Hay otras grutas que se convirtieron en casas monolíticas, como en Roc de Cazelle ; abrigos troglodíticos como la Roque Saint-Christophe, de un kilómetro de largo y habitado hace 55000 años y donde se han encontrado útiles, armas, instrumentos musicales , huesos y sílex tallados en tiempos prehistóricos. Luego, en la Edad Media se convirtió en fuerte y en ciudad. Y así hasta quince lugares Patrimonio Mundial de la Unesco reunidos en un pequeño territorio.
¡Ábrete, Sésamo! va, ¡Sésamo ciérrate! viene, Alí Babá y los ladrones siguen dándose esquinazo entre pigmentos ocres y petroglifos oscuros.
Y ellos se repartieron el oro y a mí me dejaron sola para contarlo.
Érase una vez un país con algunos de los pueblos y aldeas más bellos de Francia…

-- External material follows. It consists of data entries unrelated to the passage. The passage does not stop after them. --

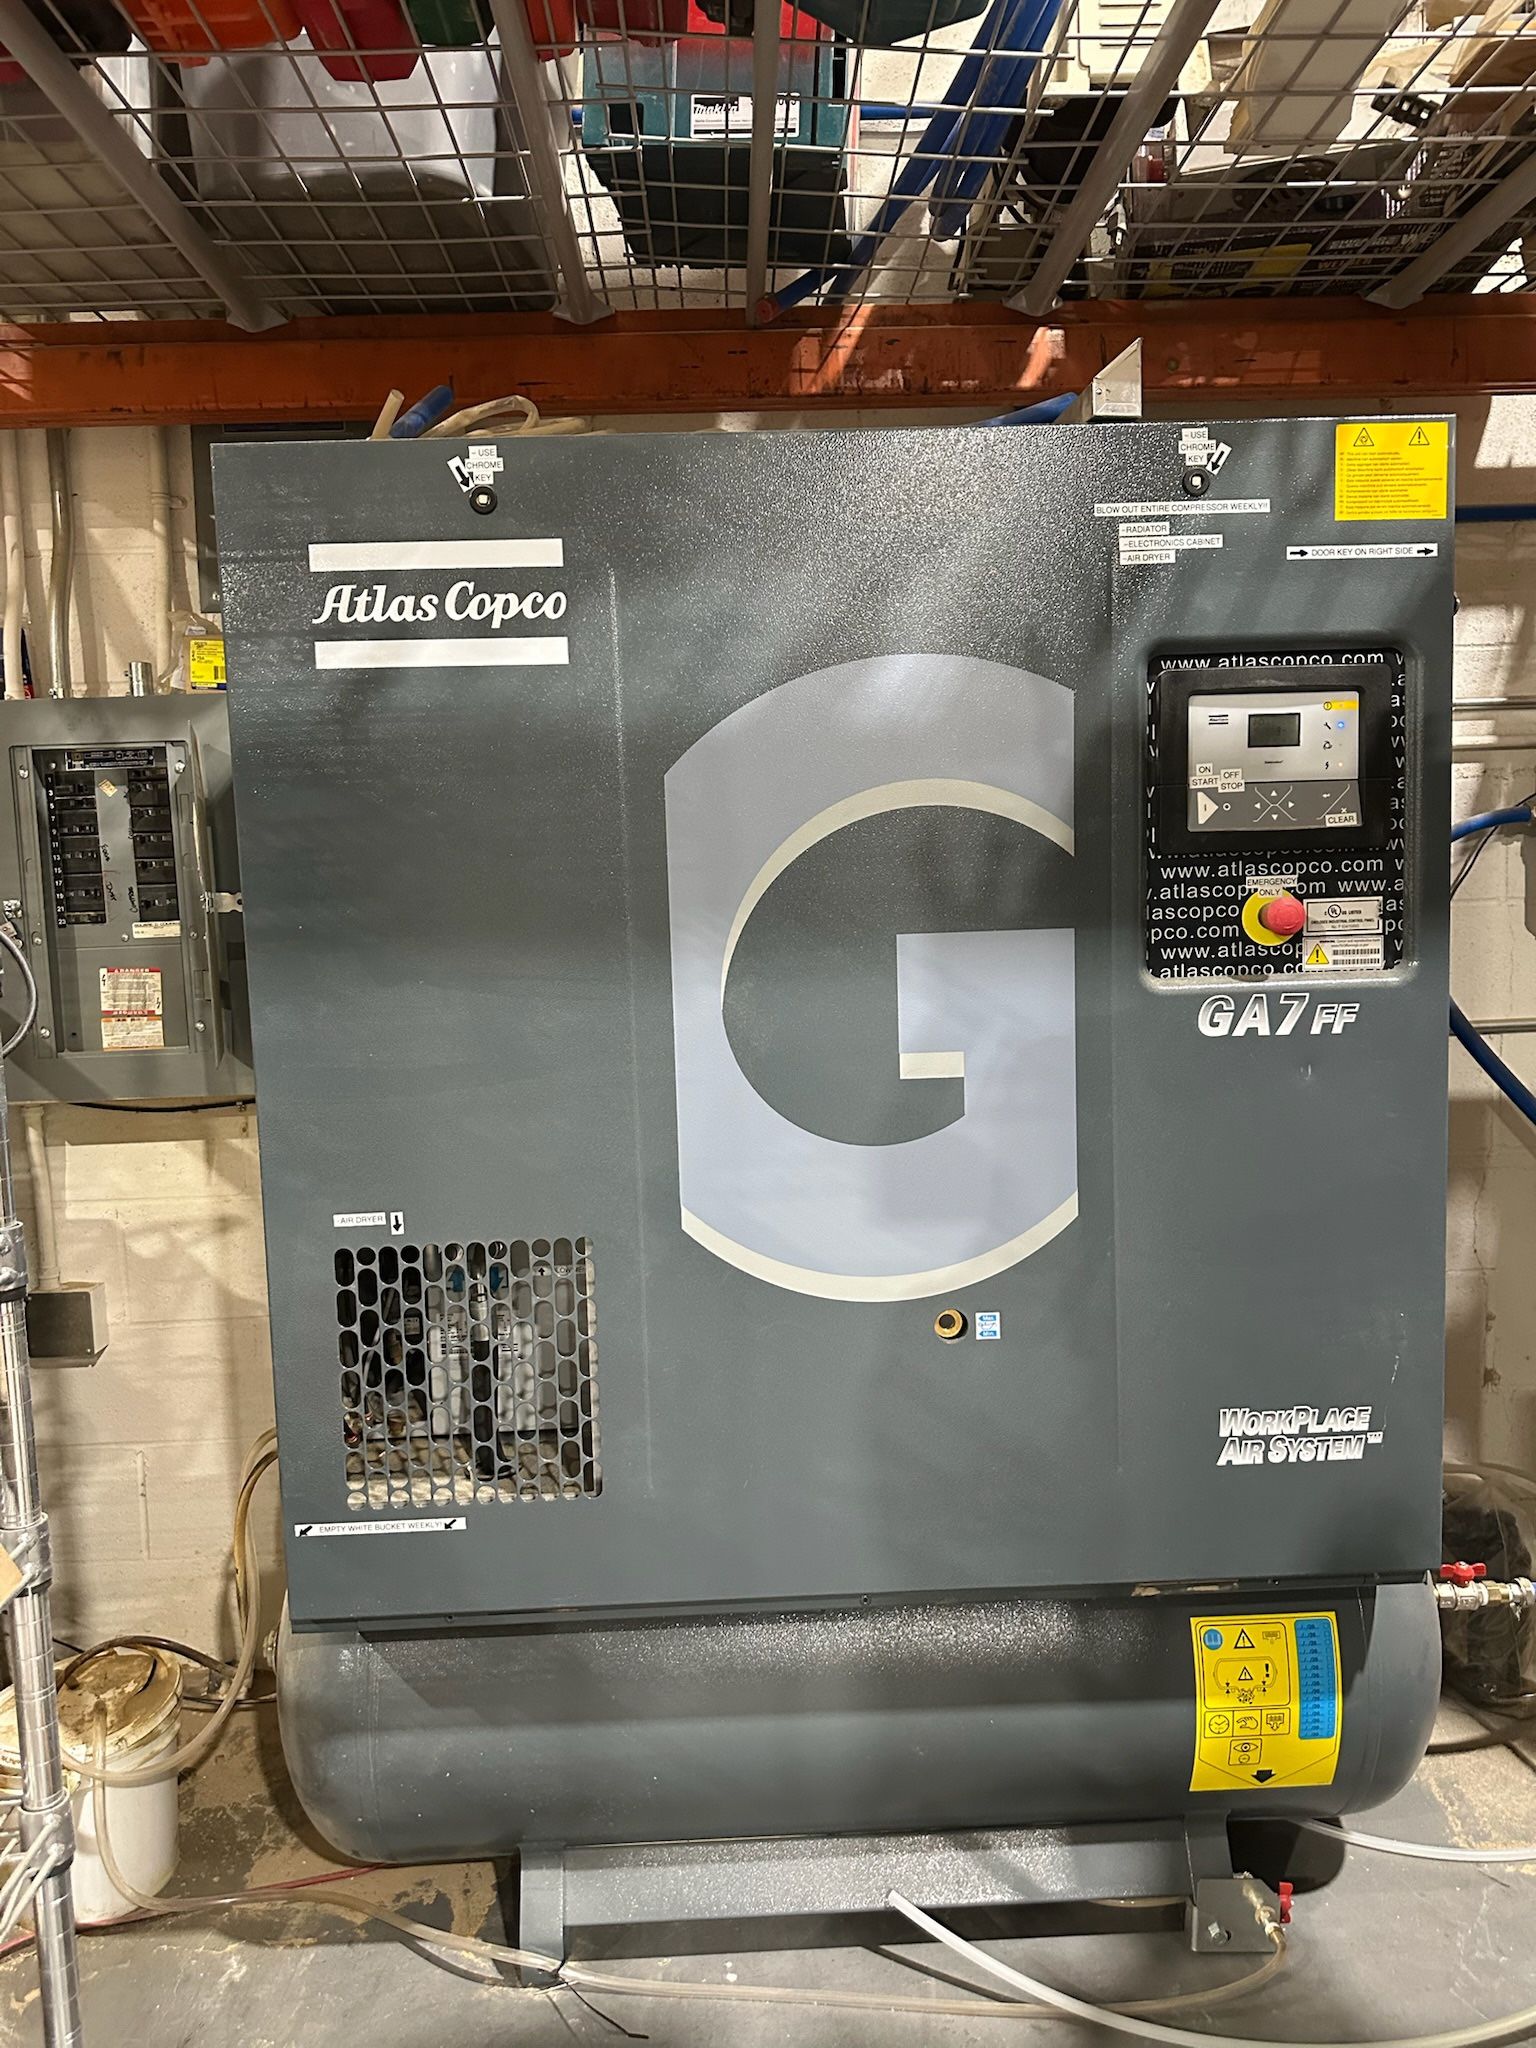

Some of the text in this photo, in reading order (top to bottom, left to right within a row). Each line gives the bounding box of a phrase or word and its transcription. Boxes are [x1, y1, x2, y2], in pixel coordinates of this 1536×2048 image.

[1190, 431, 1207, 439] USE
[1180, 443, 1215, 451] CHROME
[478, 449, 495, 457] USE
[466, 461, 502, 469] CHROME
[1096, 505, 1119, 514] BLOW
[1121, 505, 1138, 514] OUT
[1141, 504, 1170, 513] ENTIRE
[1171, 503, 1228, 512] COMPRESSOR
[1186, 537, 1220, 546] CABINET
[1311, 547, 1413, 557] DOOR KEY ON RIGHT SIDE
[1143, 553, 1170, 561] DRYER
[312, 581, 567, 629] Atlas Copco
[1198, 765, 1212, 774] ON
[1223, 771, 1240, 780] OFF
[1191, 777, 1219, 786] START
[1220, 781, 1243, 790] STOP
[1328, 815, 1355, 825] CLEAR
[1161, 858, 1384, 880] www.atlascopco.com
[1247, 877, 1297, 886] EMERGENCY
[1259, 888, 1281, 897] ONLY
[1198, 993, 1360, 1037] GA7 FF
[355, 1215, 384, 1224] DRYER
[319, 1525, 346, 1533] EMPTY
[348, 1524, 372, 1532] WHITE
[374, 1522, 405, 1531] BUCKET

Gepetto vive en Sarlat, y no le va mal con su carpintería, aunque a veces tiene que sacarse un sobresueldo haciendo de extra en una de las películas que allí se ruedan. Que no son pocas. Sarlat es el decorado perfecto para D`Artagnanes y Juanas de Arco; no en vano es la ciudad con más densidad de monumentos históricos del mundo. La Iglesia de Sainte Marie, convertida por el salardais Jean Nouvel en mercado cubierto – o cómo pasar de 1365 a 2008 en un momento- , impresiona por su remodelación y por sus colosales puertas de acero. Al lado, el campanario está ocupado por un ascensor transparente y sin techo que cada doce minutos sube a siete u ocho personas con un guía y ofrece una vista privilegiada del maravillosamente bien preservado conjunto de tejados, callejuelas y plazas de la capital de la comarca.

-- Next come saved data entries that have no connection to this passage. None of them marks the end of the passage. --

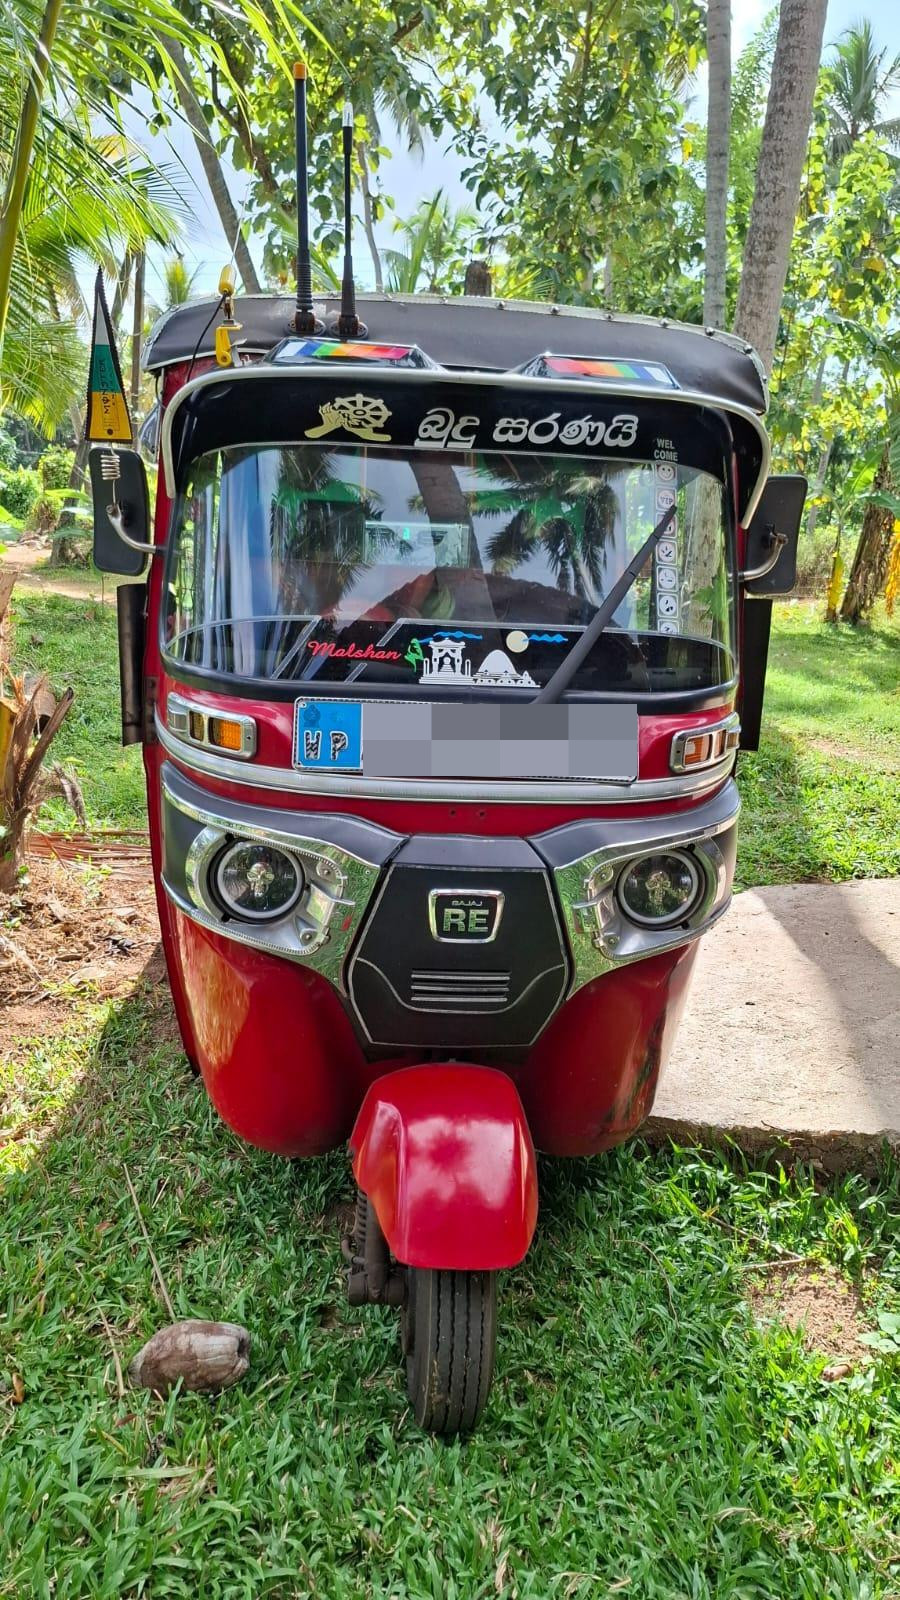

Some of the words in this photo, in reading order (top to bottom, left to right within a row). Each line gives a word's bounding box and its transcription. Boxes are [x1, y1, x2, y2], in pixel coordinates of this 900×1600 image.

[414, 408, 480, 449] බුදු
[492, 413, 639, 447] සරණයි
[656, 438, 675, 450] WEL
[654, 449, 678, 461] COME
[308, 641, 402, 659] Malshan
[443, 908, 489, 932] RE

Pinocho estudió mucho, se hizo un hombre de provecho y ahora es el científico medioambiental que se encarga de la sorpresa tropical de La Roque –Gageac, un jardín exótico compuesto por palmeras, bananeros, agaves, higueras… La Roque es un pueblo pegado a un acantilado que los prehistóricos usaron como residencia en primera línea de río. Poco más de dos calles que acompañan a la Dordogne en paralelo a dos alturas diferentes. Preciosas casas y callejones, pintores intentando recrear el paisaje en sus lienzos, torres cilíndricas de piedra clara con tejado cónico de piedra más oscura, buhardillas que miran al río que fluye indiferente ante la belleza de la que él mismo forma parte.

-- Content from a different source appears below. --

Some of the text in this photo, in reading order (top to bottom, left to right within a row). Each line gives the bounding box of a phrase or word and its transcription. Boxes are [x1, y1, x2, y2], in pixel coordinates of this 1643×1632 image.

Blancanieves y los siete enanitos dudan entre Saint Léon- sur -Vézère y Urval para comprarse una casa donde esconderse de la malvada madrastra. Ambos son pueblecitos plácidos de calles adoquinadas y casitas al borde del agua, sauces llorones acariciando las algas que flotan en el río. La mezcla perfecta entre una naturaleza bella pero discreta y la arquitectura tradicional. Las casas lucen tejados hechos con las losas de la característica piedra calcárea – “lauze” en francés-, de un color ocre dorado que se convierte en compañero de viaje de aldea en aldea; con el tiempo y la humedad toma un tono más oscuro que recuerda al de la pizarra. Los enanitos querían votar, pero al final es Blancanieves la que decide, porque le han ofrecido trabajo como cocinera en el restaurante “Le Déjeuner Sur l´Herbe”, en Saint Léon, y es una oportunidad que no puede desaprovechar.
Y todos fueron felices y no comieron perdices, sino magret de pato con salsa de trufa negra.
Érase que se era un país con mil castillos… y sus mil princesas.
La Guerra de los Cien Años es la responsable lejana y directa del surgimiento de los castillos en esta zona de Francia. En 1337 Leonor de Aquitania se casa con el heredero de la corona inglesa, dona una parte de la región a los ingleses y así el río Dordogne se convierte en la frontera entre los dos reinos. Los señores feudales construían sus moradas teniendo a la vista las de sus amenazantes enemigos, ganando posiciones en un combate estratégico y provocativo.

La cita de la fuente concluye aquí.